4. Allí donde faltan las vocaciones la Iglesia ha de hacerse particularmente
solícita. De hecho se hace muy solícita; y en esta solicitud han de
participar igualmente los laicos cristianos.
A este respecto, el Sínodo de los Obispos de 1987 ha hecho oír su voz con
palabras elocuentes, no solamente por parte de los Obispos y sacerdotes,
sino también por parte de los mismos laicos presentes.
Esta solicitud da testimonio de lo que significa el sacerdote para los
laicos: da testimonio de su identidad, de su dimensión comunitaria y social.
En efecto, el sacerdocio es un sacramento sociable, pues el sacerdote “es
tomado de entre los hombres y está puesto en favor de los hombres en lo que
se refiere a Dios” (Heb 5, 1).
El día antes de su pasión y muerte en la cruz, Jesús, en el Cenáculo, lavó
los pies a los Apóstoles, y lo hizo para subrayar que “no había venido a ser
servido, sino a servir” (cfr. Mc 10, 45).
Todo lo que Cristo hacía y enseñaba estaba en función de la obra, de la
redención; la expresión última y más completa de su misión mesiánica es la
Cruz en el Calvario. En ella ha sido confirmado plenamente que el Hijo de
Dios se ha hecho hombre “por nosotros los hombres y por nuestra salvación”.
Y esta misión salvífica, que tiene una irradiación universal está “inscrita”

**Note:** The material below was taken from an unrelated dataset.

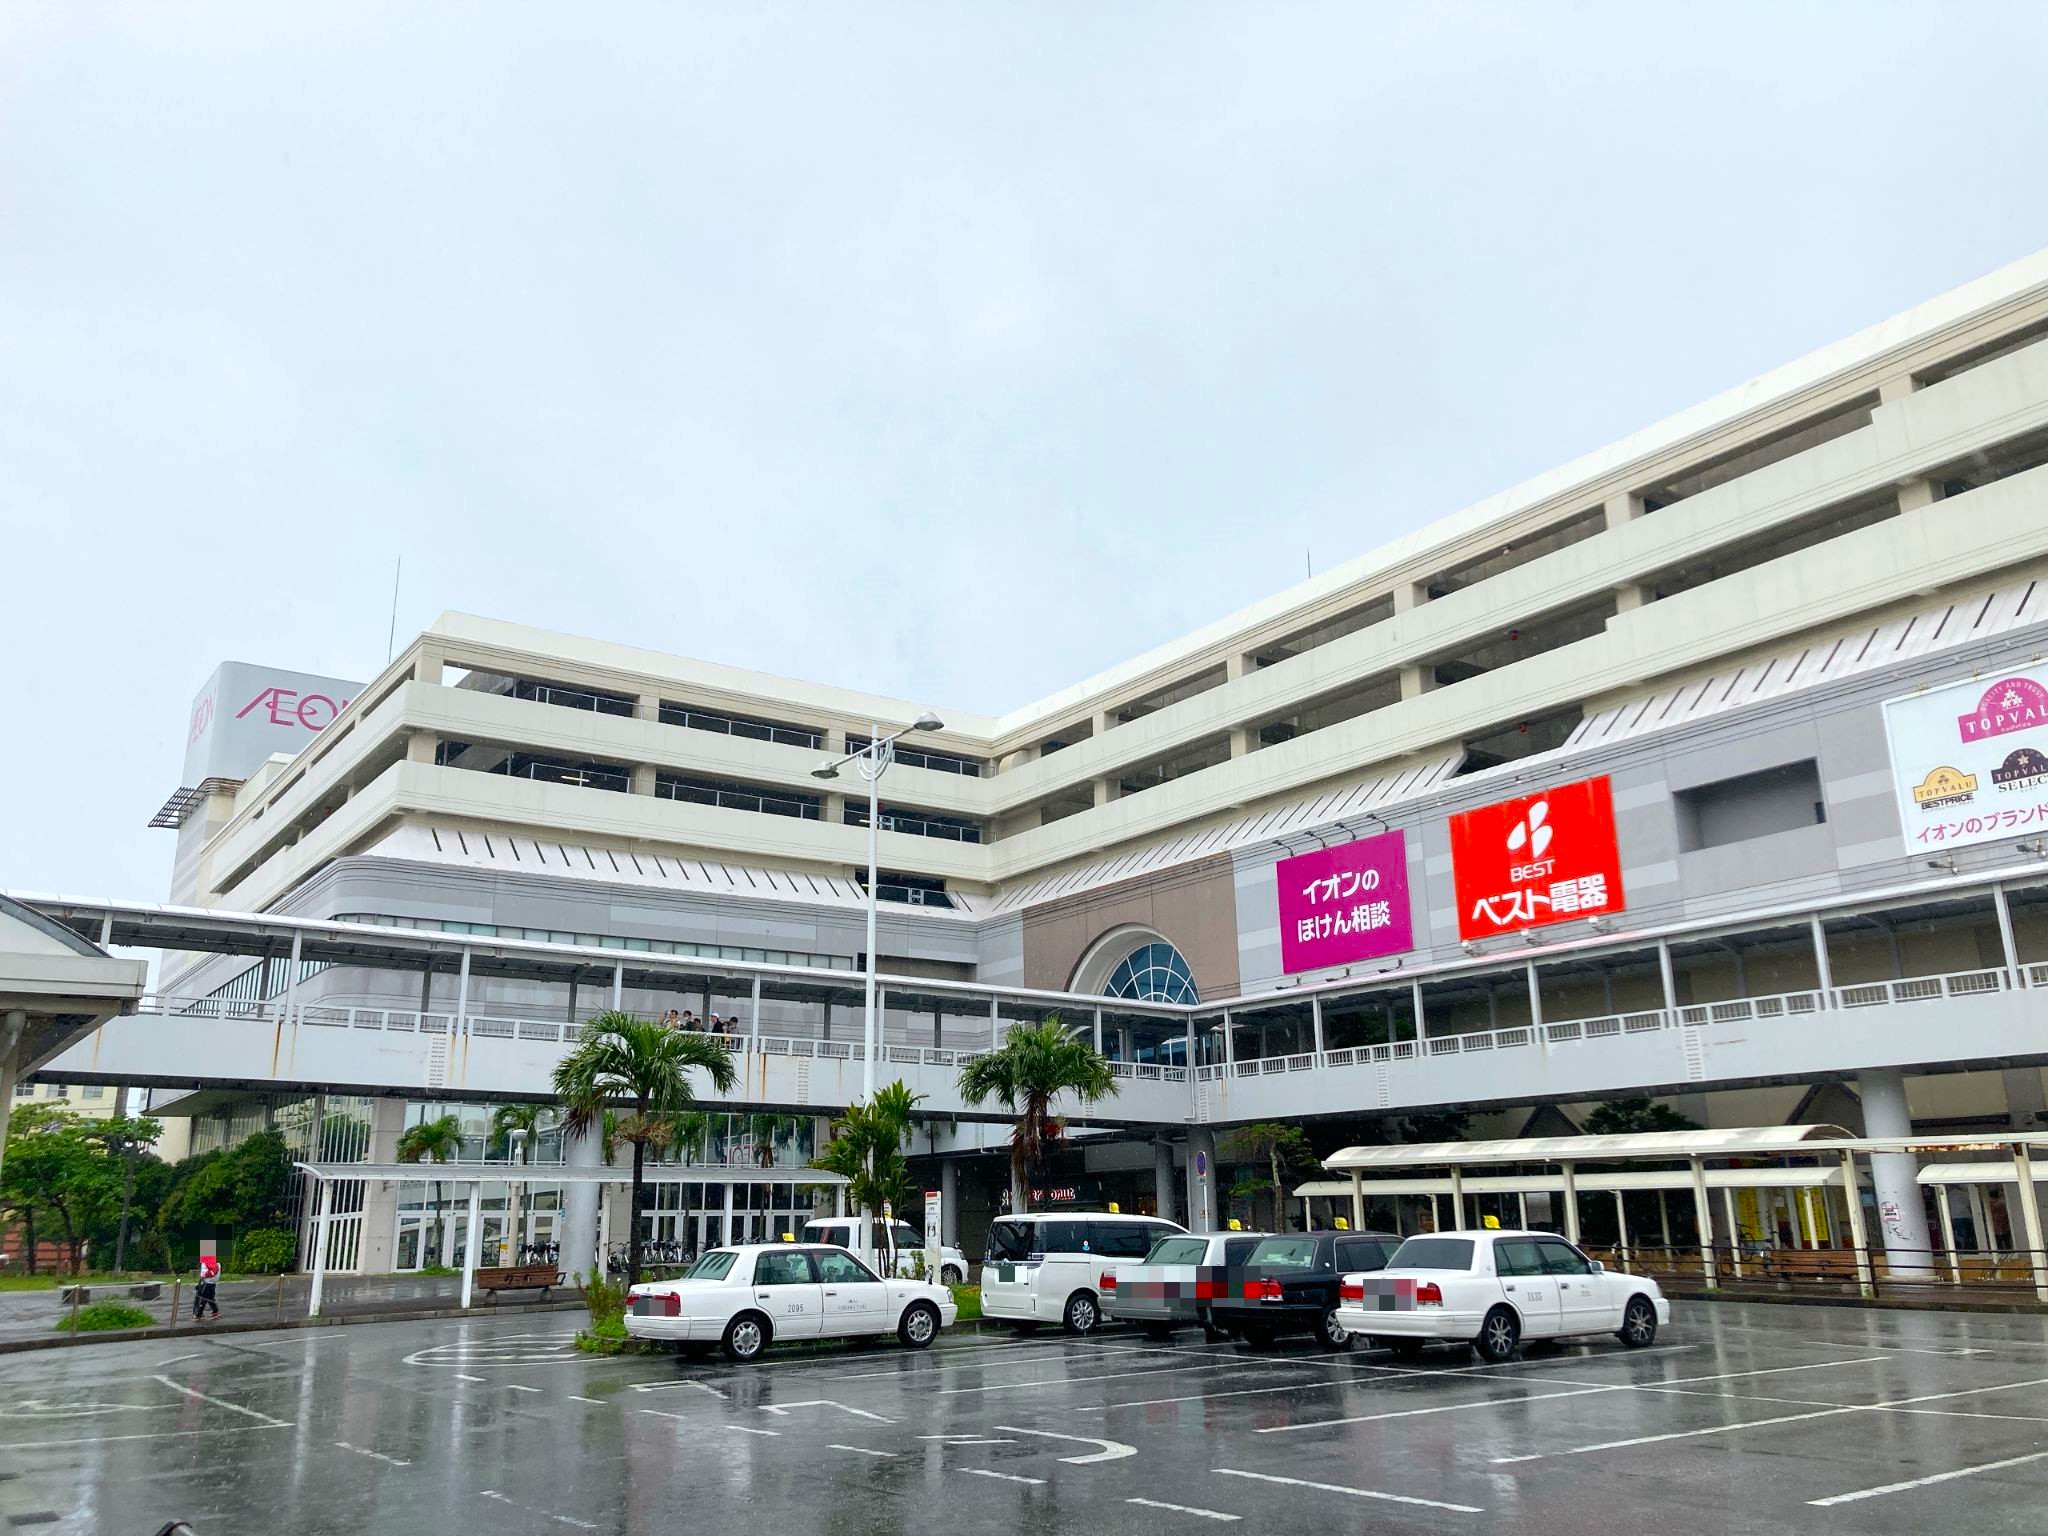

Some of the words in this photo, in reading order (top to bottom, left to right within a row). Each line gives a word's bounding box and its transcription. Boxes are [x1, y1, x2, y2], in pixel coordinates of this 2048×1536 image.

para siempre en el sacerdocio de Cristo. La Eucaristía ?sacramento del
sacrificio redentor de Cristo? lleva consigo este “signo”. Cristo, que ha
venido para servir, está presente sacramentalmente en la Eucaristía
precisamente para servir. Este servicio es, al mismo tiempo, la plenitud de
la mediación salvífica: Cristo ha entrado en un santuario, eterno, “en el
mismo cielo, para presentarse ahora ante el acatamiento de Dios en favor
nuestro” (Heb 9, 24). Verdaderamente, El “está puesto en favor de los
hombres en lo que se refiere a Dios”.
Cada uno de nosotros, que mediante la Ordenación sacramental participa del
sacerdocio de Cristo, debe tener siempre presente este “signo” de la misión
redentora de Cristo. Pues nosotros cada uno de nosotros también hemos sido
constituidos “en favor de los hombres en lo que se refiere a Dios”. El
Concilio afirma justamente que “los laicos... tienen el derecho de recibir
con abundancia de los sagrados Pastores los auxilios de los bienes
espirituales de la Iglesia, en particular la palabra de Dios y los
sacramentos” (Lumen gentium, 37).
Este ministerio constituye el centro mismo de nuestra misión. Sin duda
también nuestros hermanos y hermanas ?los fieles laicos? desean ver en
nosotros a los “servidores y administradores de los misterios de Dios” (1
Cor 4, 1). En esta dimensión debe realizarse la plena autenticidad de
nuestra vocación, de nuestro lugar en la Iglesia. Durante el Sínodo de los
Obispos, sobre el apostolado de los laicos, se recordó a menudo que éstos
tienen en gran estima la autenticidad de la vocación y de la vida
sacerdotal. Esta es, más bien, la primera condición para la vitalidad del
laicado y para el apostolado específico de los laicos. De ningún modo se
trata de la laicización del clero, como no se trata tampoco de la
“clericalización;” de los laicos. La Iglesia se desarrolla orgánicamente
según el principio de la multiplicidad y diversidad de los “dones” o sea, de
los carismas (cfr. Christifideles laici, 21-23). Cada uno, en efecto, “tiene
de Dios su gracia particular” (1 Cor 7, 7) “para provecho común (ibíd., 12,
7). “Que cada cual ponga al servicio de los demás la gracia que ha recibido,
como buenos administradores de las diversas gracias de Dios” (1 Pe 4, 10).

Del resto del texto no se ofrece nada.